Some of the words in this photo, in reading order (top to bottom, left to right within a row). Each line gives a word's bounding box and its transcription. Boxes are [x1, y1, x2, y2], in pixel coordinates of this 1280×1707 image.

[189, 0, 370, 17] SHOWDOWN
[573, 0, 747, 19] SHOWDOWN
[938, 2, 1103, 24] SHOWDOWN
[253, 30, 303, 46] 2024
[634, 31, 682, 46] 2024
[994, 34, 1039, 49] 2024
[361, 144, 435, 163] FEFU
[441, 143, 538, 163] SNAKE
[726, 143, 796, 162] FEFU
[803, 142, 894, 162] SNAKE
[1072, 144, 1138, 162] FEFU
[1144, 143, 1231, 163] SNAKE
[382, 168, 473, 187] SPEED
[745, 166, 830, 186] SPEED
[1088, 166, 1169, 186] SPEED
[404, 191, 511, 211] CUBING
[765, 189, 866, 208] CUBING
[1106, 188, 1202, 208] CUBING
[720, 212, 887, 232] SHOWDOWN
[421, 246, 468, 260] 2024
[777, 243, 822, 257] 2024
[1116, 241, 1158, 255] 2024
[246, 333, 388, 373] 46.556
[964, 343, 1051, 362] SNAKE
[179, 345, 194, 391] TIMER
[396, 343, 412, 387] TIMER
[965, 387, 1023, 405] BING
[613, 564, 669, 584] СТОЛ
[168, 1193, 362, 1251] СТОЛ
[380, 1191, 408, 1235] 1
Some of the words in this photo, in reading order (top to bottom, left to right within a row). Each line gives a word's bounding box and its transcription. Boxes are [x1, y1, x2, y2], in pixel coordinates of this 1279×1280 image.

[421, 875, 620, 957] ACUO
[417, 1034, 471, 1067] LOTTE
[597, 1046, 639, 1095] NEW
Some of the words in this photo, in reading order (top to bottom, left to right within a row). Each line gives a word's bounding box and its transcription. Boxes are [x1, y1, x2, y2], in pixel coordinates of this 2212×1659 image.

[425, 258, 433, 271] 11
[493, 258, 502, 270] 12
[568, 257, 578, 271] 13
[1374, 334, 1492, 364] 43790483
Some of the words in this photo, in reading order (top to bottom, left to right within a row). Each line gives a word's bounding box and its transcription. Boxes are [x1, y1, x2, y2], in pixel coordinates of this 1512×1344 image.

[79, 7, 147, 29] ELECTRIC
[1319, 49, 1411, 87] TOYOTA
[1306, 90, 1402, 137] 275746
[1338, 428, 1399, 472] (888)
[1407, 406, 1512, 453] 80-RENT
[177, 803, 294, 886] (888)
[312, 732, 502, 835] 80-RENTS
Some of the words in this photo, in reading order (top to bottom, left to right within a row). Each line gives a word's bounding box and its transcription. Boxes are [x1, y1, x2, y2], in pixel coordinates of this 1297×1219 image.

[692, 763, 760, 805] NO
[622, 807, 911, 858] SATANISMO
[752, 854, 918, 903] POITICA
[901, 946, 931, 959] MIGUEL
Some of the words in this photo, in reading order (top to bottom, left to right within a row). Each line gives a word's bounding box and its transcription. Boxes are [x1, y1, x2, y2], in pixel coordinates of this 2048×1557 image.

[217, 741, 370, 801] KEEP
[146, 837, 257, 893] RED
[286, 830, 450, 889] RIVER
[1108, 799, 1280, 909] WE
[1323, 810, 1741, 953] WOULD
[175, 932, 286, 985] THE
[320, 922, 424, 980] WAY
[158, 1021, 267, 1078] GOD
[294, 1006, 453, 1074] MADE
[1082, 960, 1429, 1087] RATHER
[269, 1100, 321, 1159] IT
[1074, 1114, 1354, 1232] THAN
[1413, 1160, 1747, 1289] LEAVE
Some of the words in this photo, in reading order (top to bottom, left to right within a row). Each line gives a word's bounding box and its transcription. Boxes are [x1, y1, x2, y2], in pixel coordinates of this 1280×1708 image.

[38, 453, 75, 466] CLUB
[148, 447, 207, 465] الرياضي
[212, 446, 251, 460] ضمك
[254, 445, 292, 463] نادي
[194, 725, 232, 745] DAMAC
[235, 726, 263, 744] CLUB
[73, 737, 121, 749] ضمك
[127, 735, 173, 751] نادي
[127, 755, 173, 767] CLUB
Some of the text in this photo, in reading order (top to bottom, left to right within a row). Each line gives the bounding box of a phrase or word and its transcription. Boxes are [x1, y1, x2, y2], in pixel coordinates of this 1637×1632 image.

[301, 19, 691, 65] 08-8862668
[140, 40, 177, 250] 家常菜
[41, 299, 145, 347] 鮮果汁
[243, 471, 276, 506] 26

> _EXERCISE REQUIREMENTS_
Output all the lines above, matching them word for word.

> _FINAL ANSWER_
Some of the words in this photo, in reading order (top to bottom, left to right within a row). Each line gives a word's bounding box and its transcription. Boxes are [x1, y1, x2, y2], in pixel coordinates of this 1280×1707 image.

[189, 0, 370, 17] SHOWDOWN
[573, 0, 747, 19] SHOWDOWN
[938, 2, 1103, 24] SHOWDOWN
[253, 30, 303, 46] 2024
[634, 31, 682, 46] 2024
[994, 34, 1039, 49] 2024
[361, 144, 435, 163] FEFU
[441, 143, 538, 163] SNAKE
[726, 143, 796, 162] FEFU
[803, 142, 894, 162] SNAKE
[1072, 144, 1138, 162] FEFU
[1144, 143, 1231, 163] SNAKE
[382, 168, 473, 187] SPEED
[745, 166, 830, 186] SPEED
[1088, 166, 1169, 186] SPEED
[404, 191, 511, 211] CUBING
[765, 189, 866, 208] CUBING
[1106, 188, 1202, 208] CUBING
[720, 212, 887, 232] SHOWDOWN
[421, 246, 468, 260] 2024
[777, 243, 822, 257] 2024
[1116, 241, 1158, 255] 2024
[246, 333, 388, 373] 46.556
[964, 343, 1051, 362] SNAKE
[179, 345, 194, 391] TIMER
[396, 343, 412, 387] TIMER
[965, 387, 1023, 405] BING
[613, 564, 669, 584] СТОЛ
[168, 1193, 362, 1251] СТОЛ
[380, 1191, 408, 1235] 1
Some of the words in this photo, in reading order (top to bottom, left to right within a row). Each line gives a word's bounding box and its transcription. Boxes are [x1, y1, x2, y2], in pixel coordinates of this 1279×1280 image.

[421, 875, 620, 957] ACUO
[417, 1034, 471, 1067] LOTTE
[597, 1046, 639, 1095] NEW
Some of the words in this photo, in reading order (top to bottom, left to right within a row). Each line gives a word's bounding box and its transcription. Boxes are [x1, y1, x2, y2], in pixel coordinates of this 2212×1659 image.

[425, 258, 433, 271] 11
[493, 258, 502, 270] 12
[568, 257, 578, 271] 13
[1374, 334, 1492, 364] 43790483
Some of the words in this photo, in reading order (top to bottom, left to right within a row). Each line gives a word's bounding box and its transcription. Boxes are [x1, y1, x2, y2], in pixel coordinates of this 1512×1344 image.

[79, 7, 147, 29] ELECTRIC
[1319, 49, 1411, 87] TOYOTA
[1306, 90, 1402, 137] 275746
[1338, 428, 1399, 472] (888)
[1407, 406, 1512, 453] 80-RENT
[177, 803, 294, 886] (888)
[312, 732, 502, 835] 80-RENTS
Some of the words in this photo, in reading order (top to bottom, left to right within a row). Each line gives a word's bounding box and its transcription. Boxes are [x1, y1, x2, y2], in pixel coordinates of this 1297×1219 image.

[692, 763, 760, 805] NO
[622, 807, 911, 858] SATANISMO
[752, 854, 918, 903] POITICA
[901, 946, 931, 959] MIGUEL
Some of the words in this photo, in reading order (top to bottom, left to right within a row). Each line gives a word's bounding box and its transcription. Boxes are [x1, y1, x2, y2], in pixel coordinates of this 2048×1557 image.

[217, 741, 370, 801] KEEP
[146, 837, 257, 893] RED
[286, 830, 450, 889] RIVER
[1108, 799, 1280, 909] WE
[1323, 810, 1741, 953] WOULD
[175, 932, 286, 985] THE
[320, 922, 424, 980] WAY
[158, 1021, 267, 1078] GOD
[294, 1006, 453, 1074] MADE
[1082, 960, 1429, 1087] RATHER
[269, 1100, 321, 1159] IT
[1074, 1114, 1354, 1232] THAN
[1413, 1160, 1747, 1289] LEAVE
Some of the words in this photo, in reading order (top to bottom, left to right within a row). Each line gives a word's bounding box and its transcription. Boxes are [x1, y1, x2, y2], in pixel coordinates of this 1280×1708 image.

[38, 453, 75, 466] CLUB
[148, 447, 207, 465] الرياضي
[212, 446, 251, 460] ضمك
[254, 445, 292, 463] نادي
[194, 725, 232, 745] DAMAC
[235, 726, 263, 744] CLUB
[73, 737, 121, 749] ضمك
[127, 735, 173, 751] نادي
[127, 755, 173, 767] CLUB
Some of the text in this photo, in reading order (top to bottom, left to right within a row). Each line gives the bounding box of a phrase or word and its transcription. Boxes are [x1, y1, x2, y2], in pixel coordinates of this 1637×1632 image.

[301, 19, 691, 65] 08-8862668
[140, 40, 177, 250] 家常菜
[41, 299, 145, 347] 鮮果汁
[243, 471, 276, 506] 26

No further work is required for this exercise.